The ransomware lineage codenamed Dharma, or CrySiS, is one of the progenitors of the present-day landscape of file-encrypting viruses. It is one of the few that continue to be updated on a regular basis despite the overall decline in this type of online extortion recorded lately. The most recent variant speckles encrypted files with the .java extension.

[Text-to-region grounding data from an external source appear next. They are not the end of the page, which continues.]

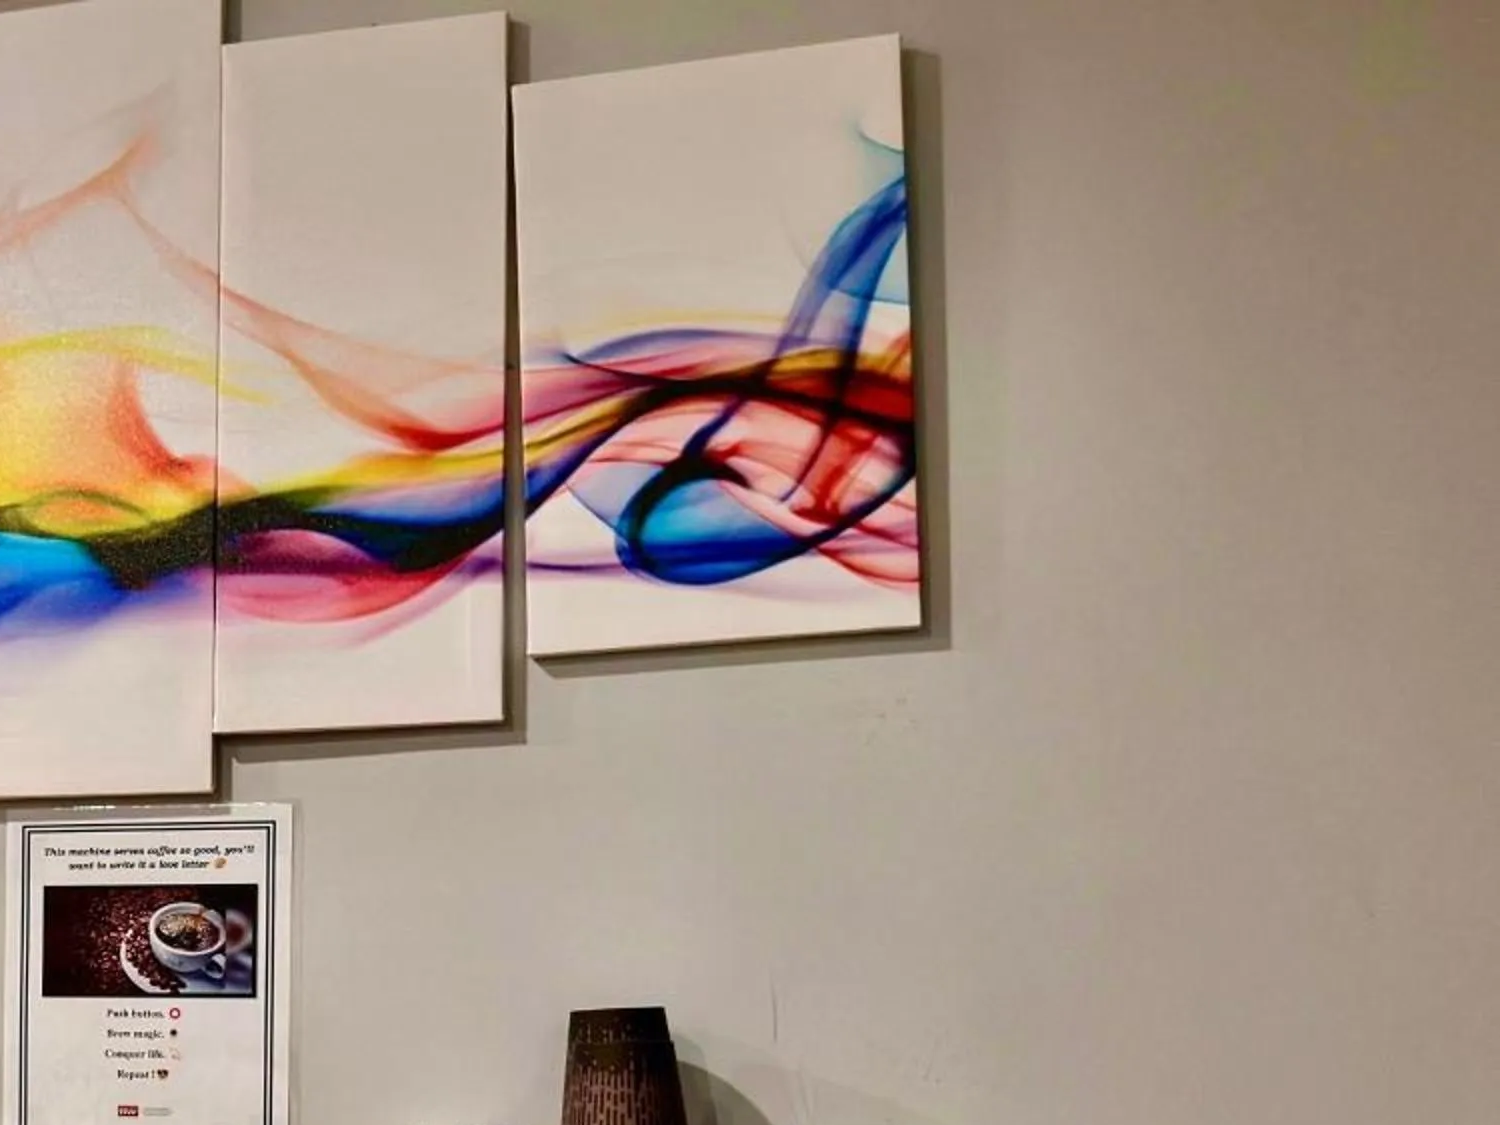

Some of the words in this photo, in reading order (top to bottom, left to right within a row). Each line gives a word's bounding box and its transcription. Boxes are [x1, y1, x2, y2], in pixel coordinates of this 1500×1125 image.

[44, 848, 65, 856] This
[68, 847, 110, 856] machine
[147, 845, 177, 857] coffee
[159, 860, 179, 869] love
[106, 1008, 129, 1018] Push
[106, 1029, 131, 1038] Brew
[104, 1049, 145, 1061] Conquer
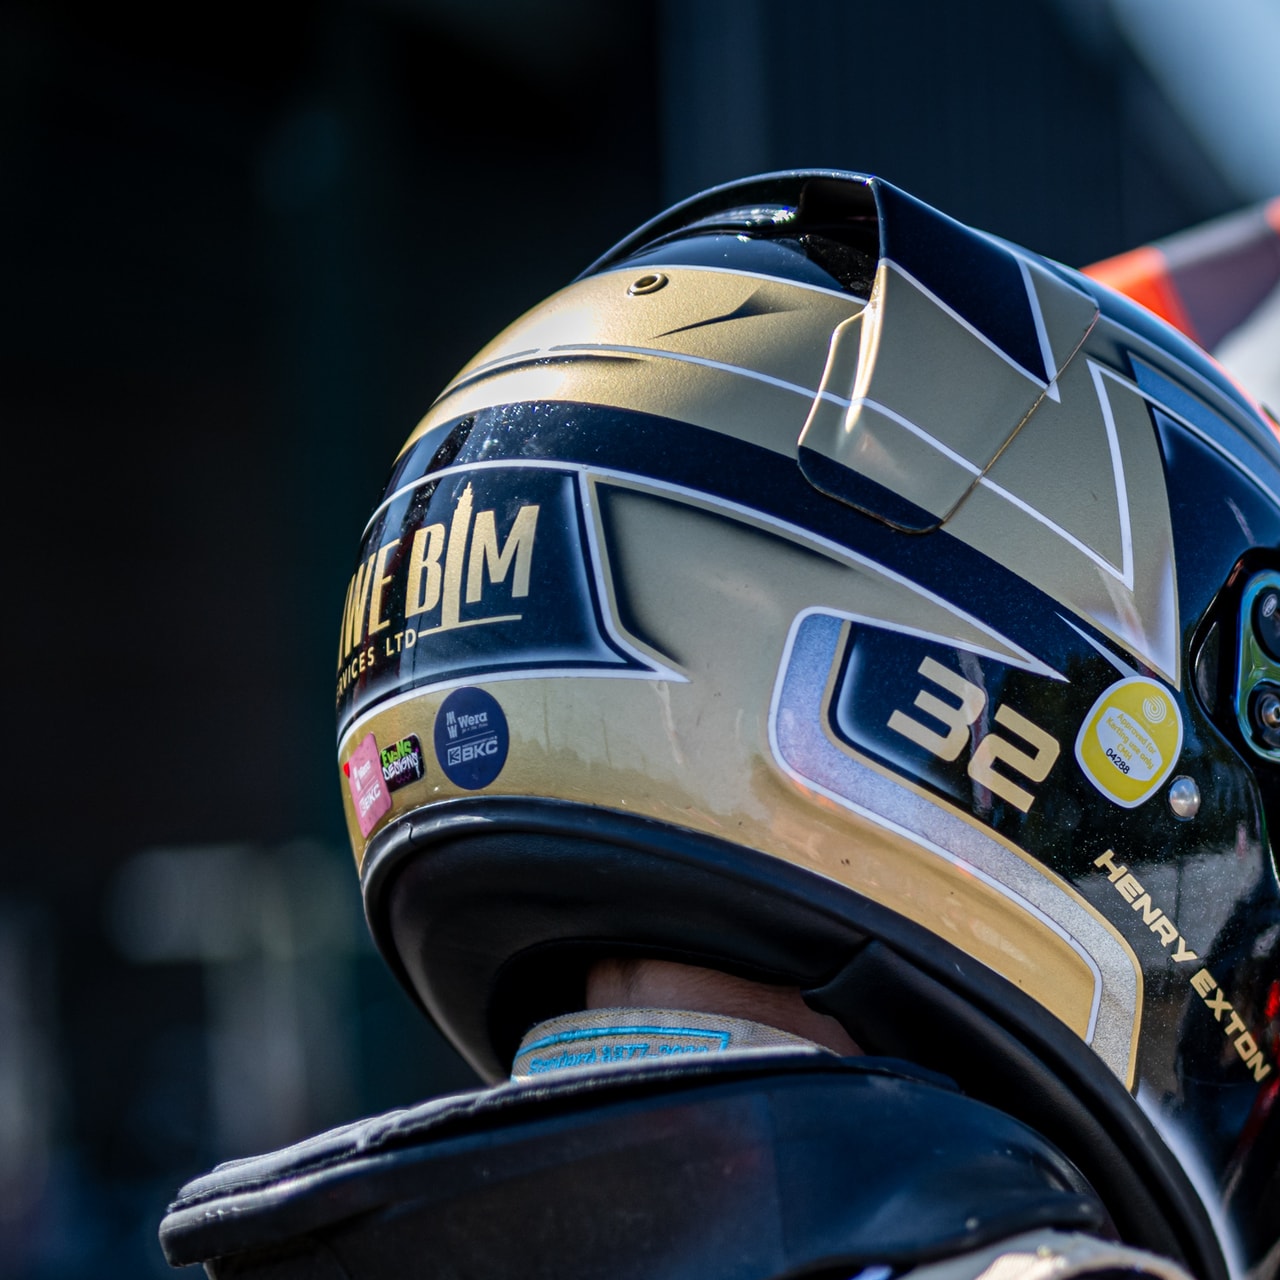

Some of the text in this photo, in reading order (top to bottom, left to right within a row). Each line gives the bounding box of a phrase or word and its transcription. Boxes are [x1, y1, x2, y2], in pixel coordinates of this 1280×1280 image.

[338, 538, 401, 668] WE
[386, 628, 417, 656] LTD
[457, 712, 488, 728] Wera
[886, 655, 1061, 813] 32
[1117, 713, 1148, 746] Approved
[1146, 742, 1156, 754] for
[1105, 747, 1130, 775] 04288
[1106, 716, 1154, 770] Karting use only
[1116, 743, 1133, 761] CMH
[1093, 849, 1271, 1083] HENRY EXTON
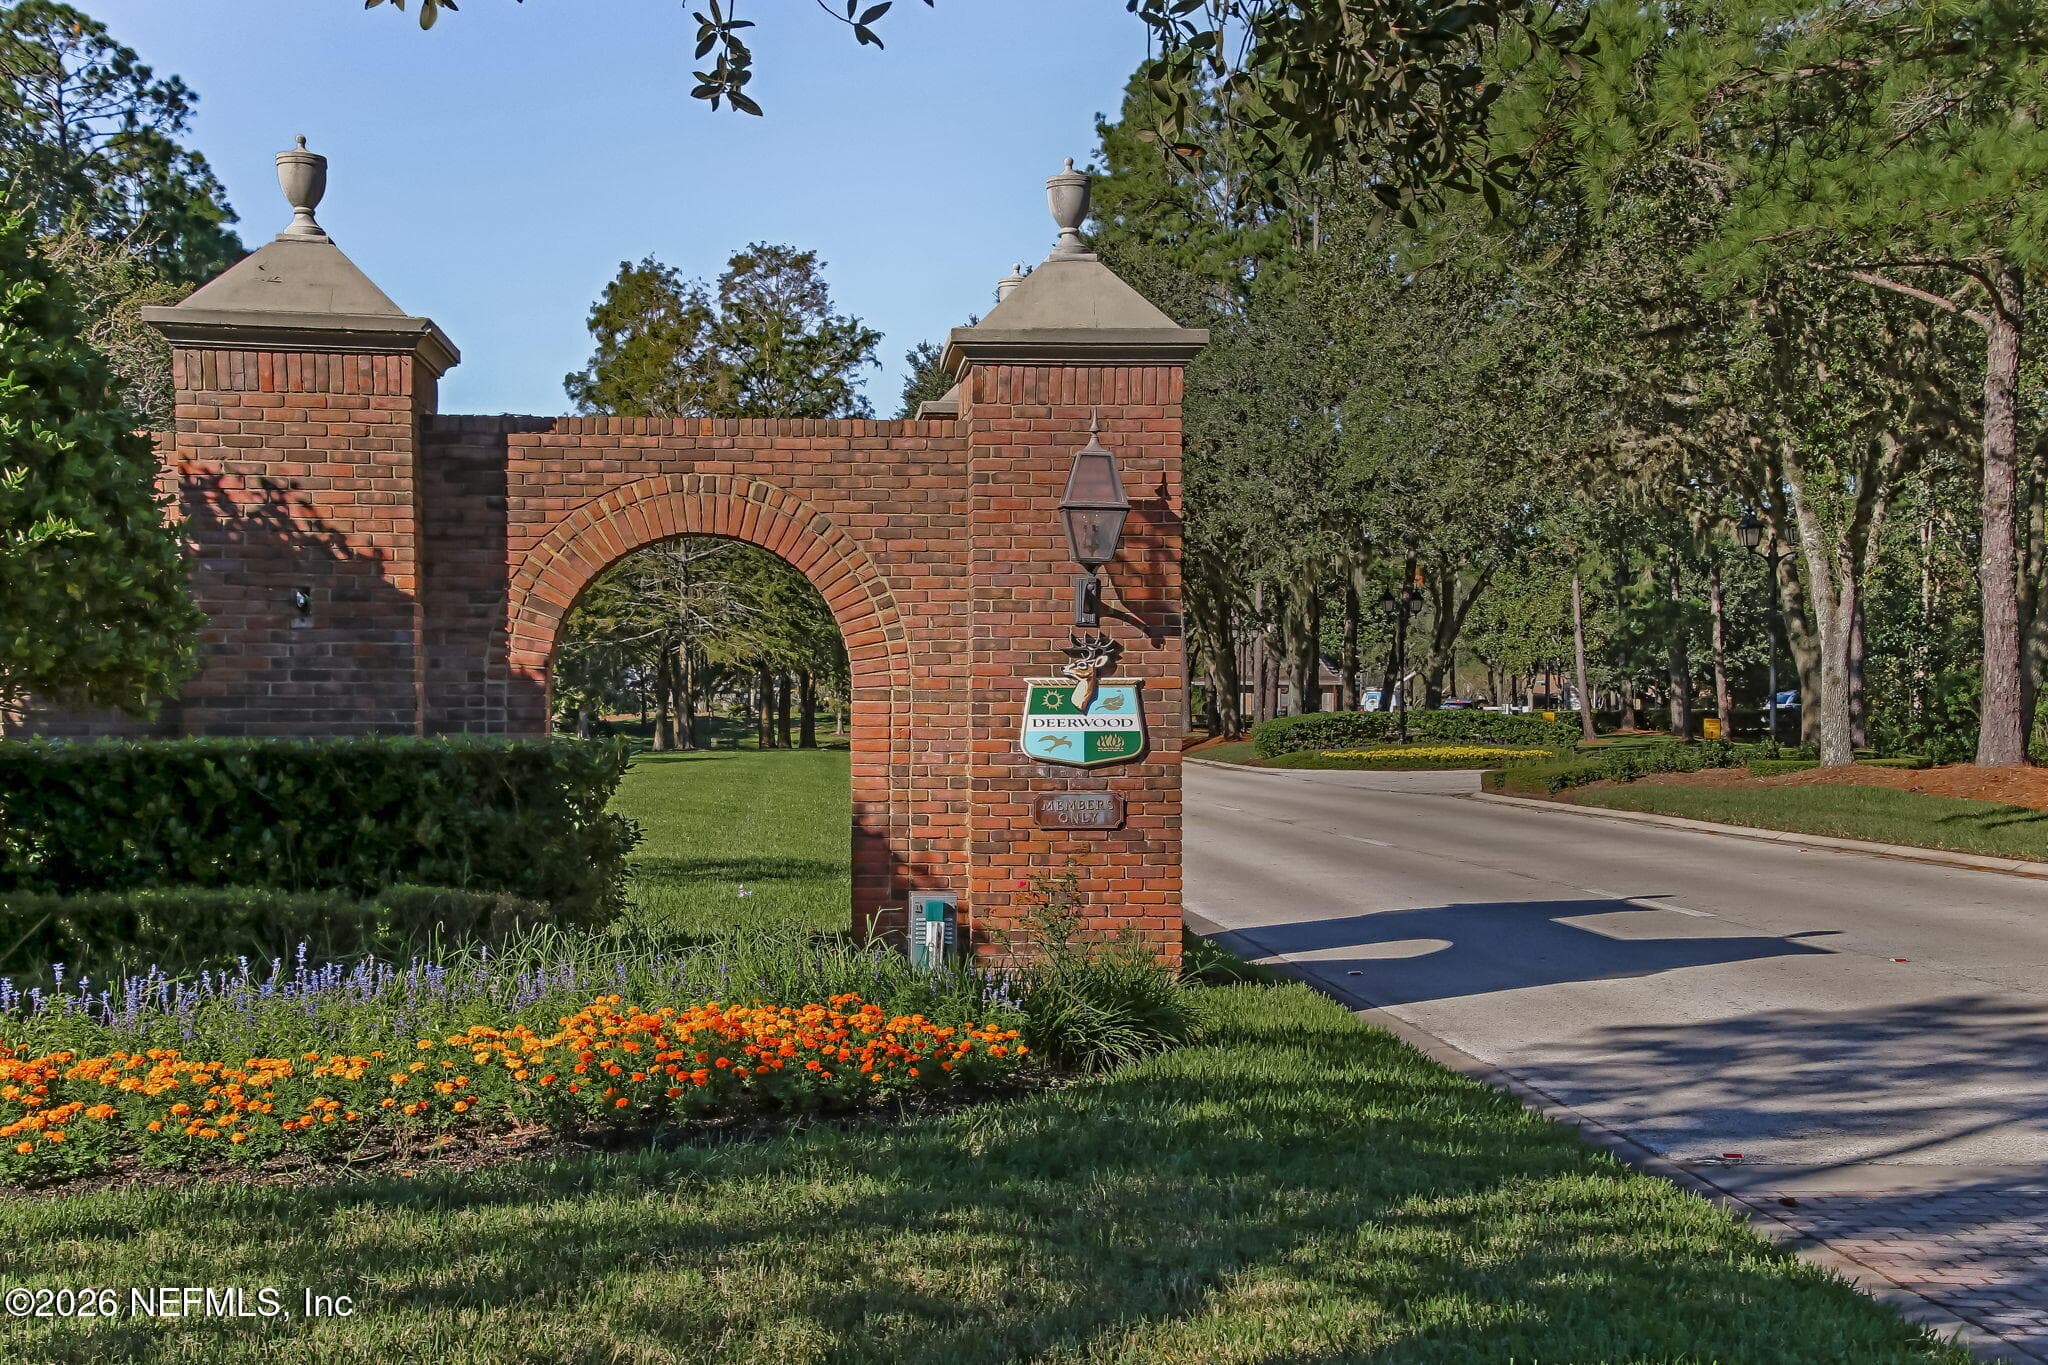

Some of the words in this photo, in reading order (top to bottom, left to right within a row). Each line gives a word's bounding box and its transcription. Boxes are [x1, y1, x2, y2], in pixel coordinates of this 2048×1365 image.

[1032, 718, 1134, 728] DEERWOOD
[1041, 799, 1115, 811] MEMBERS
[1058, 812, 1099, 824] ONLY

What is the .java files ransomware?

For disambiguation’s sake, it makes sense to mention from the get-go that the .java extension virus has nothing to do with the popular programming language that goes by the same name. This rogue resemblance is nothing but a whim of CrySiS/Dharma ransomware deployers who chose to use the word as the new extension being affixed to hostage files. Said family of blackmail malware keeps expanding rapidly, this evolution being accompanied by switching the external indicators of compromise. Victims have been reporting incidents where their data becomes inaccessible and assumes a weird look following a pattern like this: Filename.[original extension].id-[victim ID].{email address}.java. Some versions may have the email string enclosed in square brackets instead.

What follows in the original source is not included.